Give him my soul? You know what, fuck it. What else do I have to lose? I want to hear the rest of this offer. “But does that mean I’ll be saved from cancer?” I ask worriedly. “Just like that? I give you my soul and you what, own me?”
“As a reaper, I need to collect souls to fulfill my quota. Normally, that process doesn’t happen until the souls are ready to leave the body, then the humans' lives are done and they’re no longer able to stay on this earth.
Lucifer has a specific amount he requires or we’re out of a job.
Hell is rough, what can I say.” He winks, making my gut twist in ways I’m not sure about.
“But, if someone were to make a deal with me, to willingly offer me their soul, I have the power to let you live longer knowing when you do meet your demise, your soul is mine. No other reaper can claim you. A soul willingly given is the equivalent of a hundred souls that pass on their own. I can take you now and be done with you. If you promise to give me your soul, I’ll promise to remove the cancer in your body,” he says.
“Just be aware, when you die, you become mine. I will own you in any way I please.”
The idea of being his is intriguing to me, and I bite my lip at the thought.
“What’s the catch?” I ask. “We covered that you’re not doing this because you saw me screaming into what I thought was the void.
How do we solidify this? Do you need me to open my veins and sign my life away in blood?
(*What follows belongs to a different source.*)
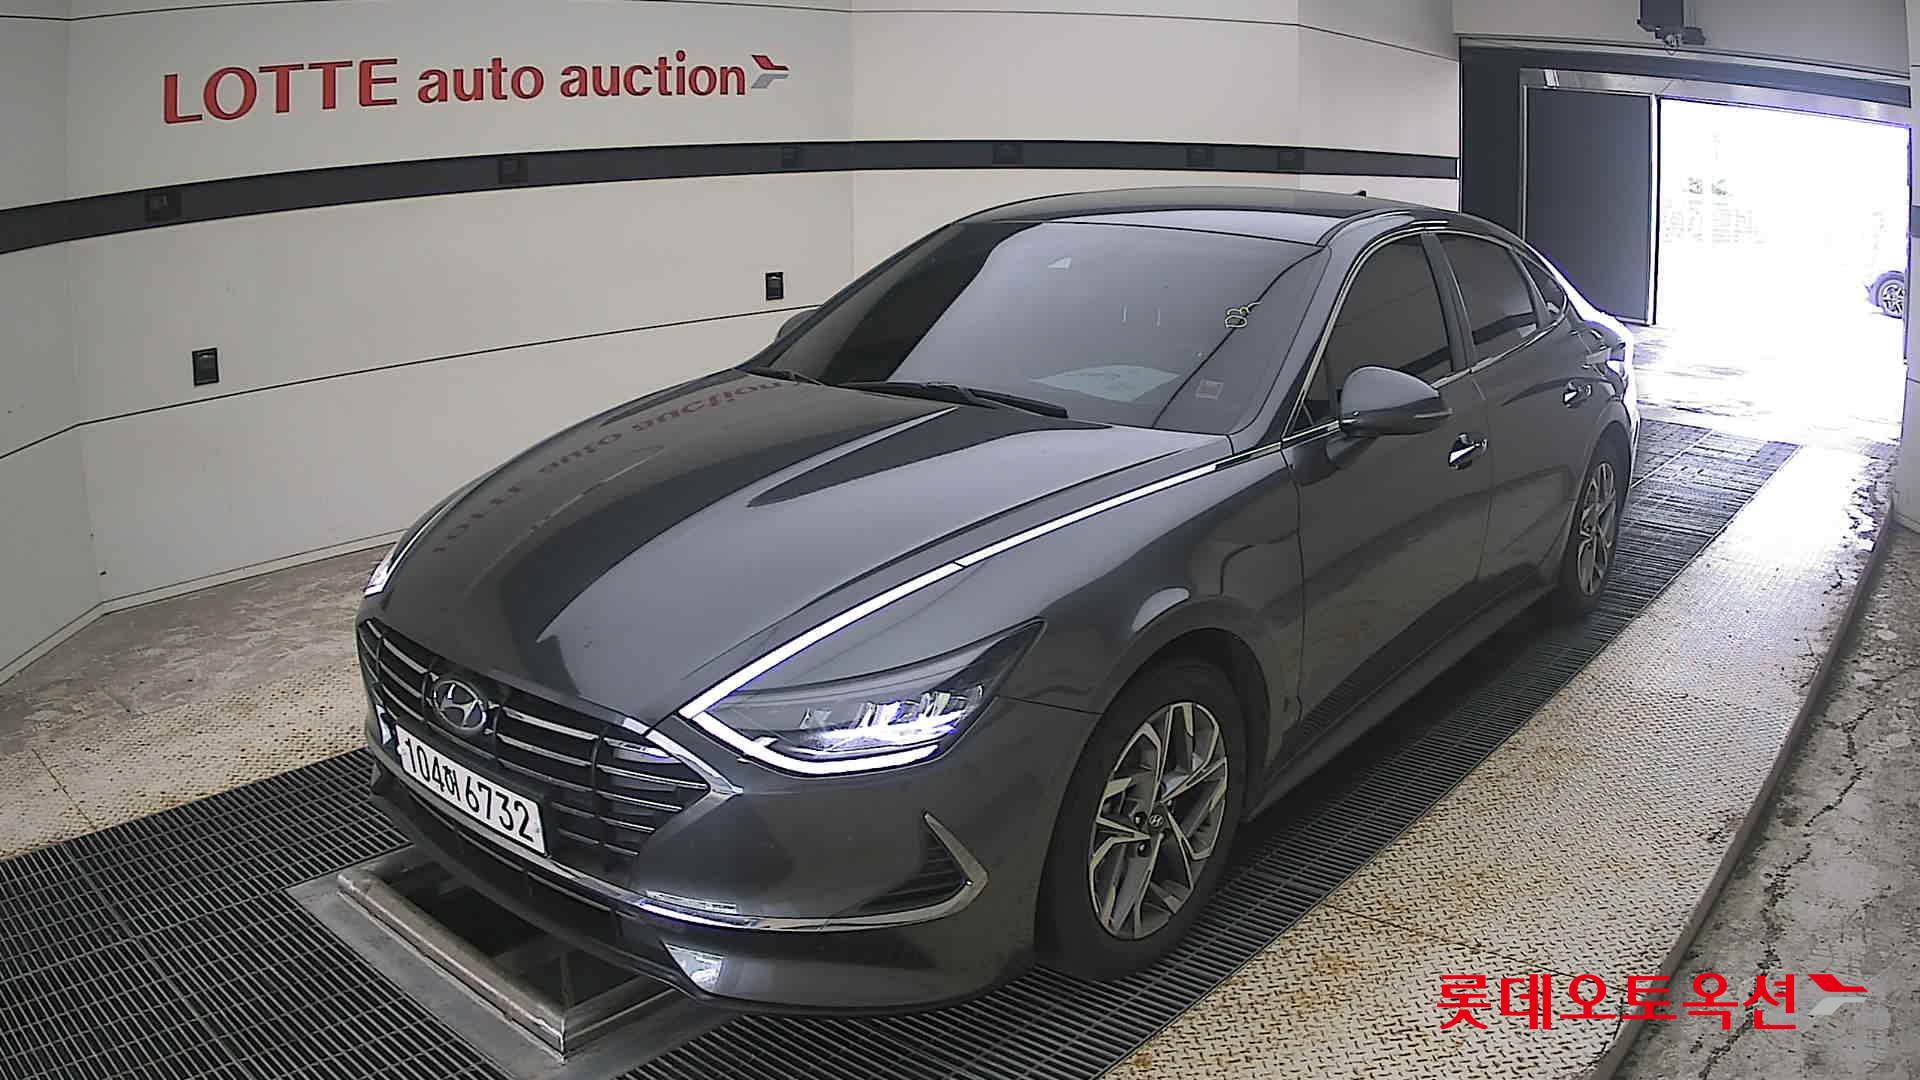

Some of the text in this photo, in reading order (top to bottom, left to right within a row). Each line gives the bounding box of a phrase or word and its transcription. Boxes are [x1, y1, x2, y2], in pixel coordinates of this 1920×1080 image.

[163, 50, 746, 124] LOTTE auto auction
[465, 775, 534, 843] 6732
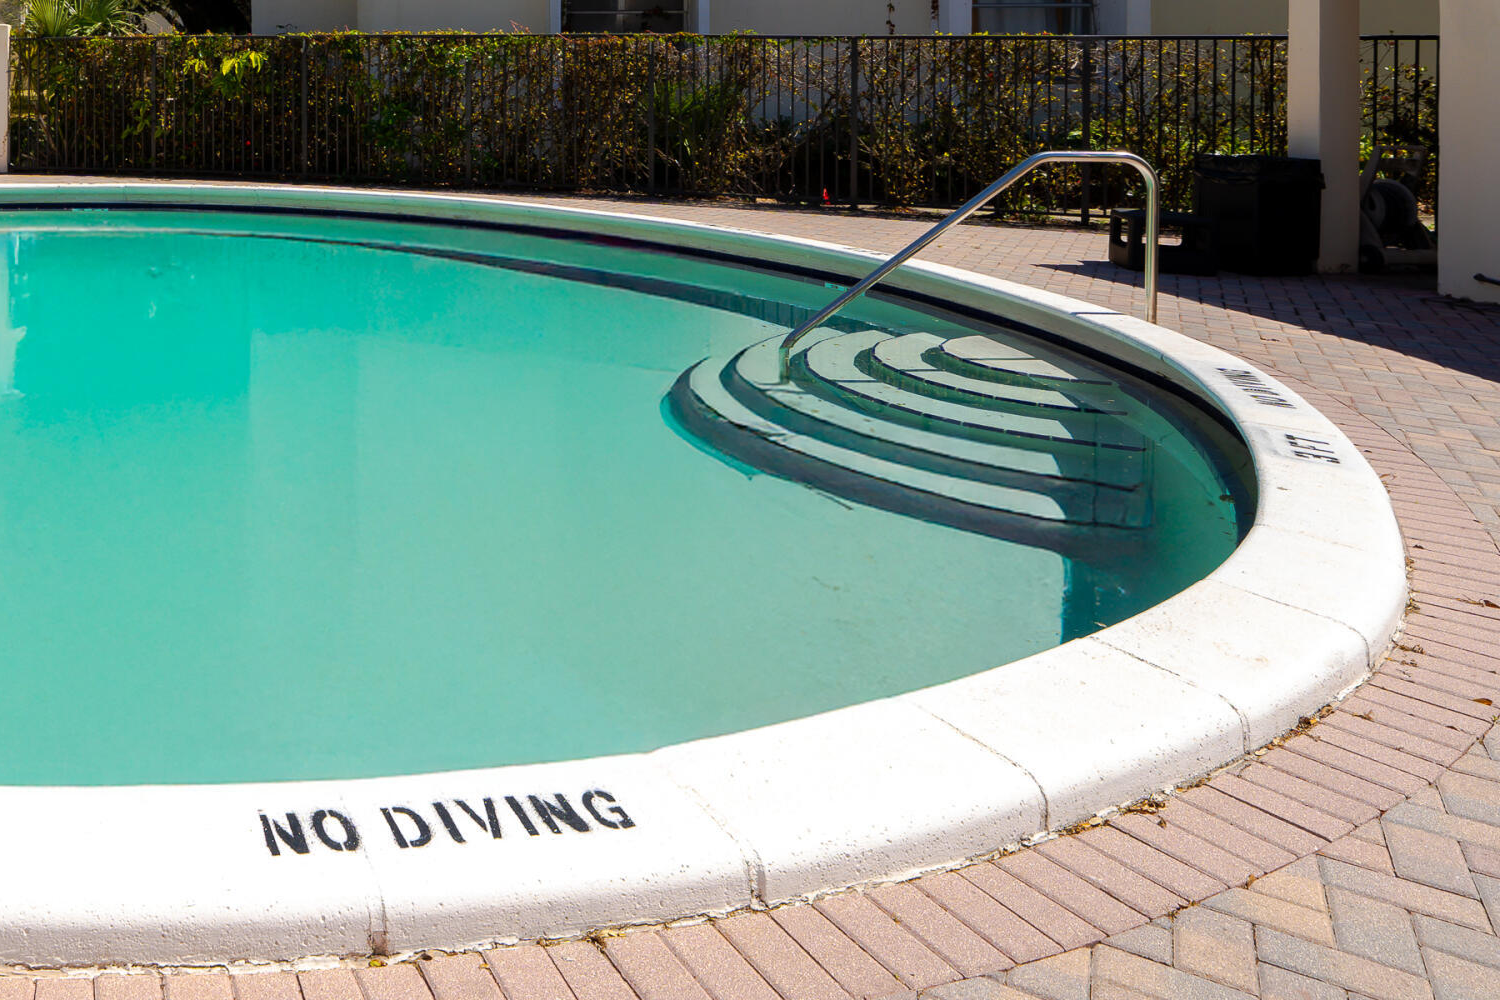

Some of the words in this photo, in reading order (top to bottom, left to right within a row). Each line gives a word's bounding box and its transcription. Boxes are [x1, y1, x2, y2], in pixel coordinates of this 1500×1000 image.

” There’s this burning hope inside me that this is real, that everything he speaks of is the truth.
I’m a desperate dying man. I really have nothing left to lose.
“You watch too many movies,” Bane says with an amused huff.
I don’t know what to think or feel when it comes down to the wire. Standing across from me, he’s almost too close with his pants stretched across his thighs as his cloak billows around him. I can see his tattoos littered over his skin. It makes me desperate to see more.
He says he’s lived hundreds of years more than me. How many more deals has he made like this before? How do I know I’m not just another notch on his scythe? And why the hell do I care so much?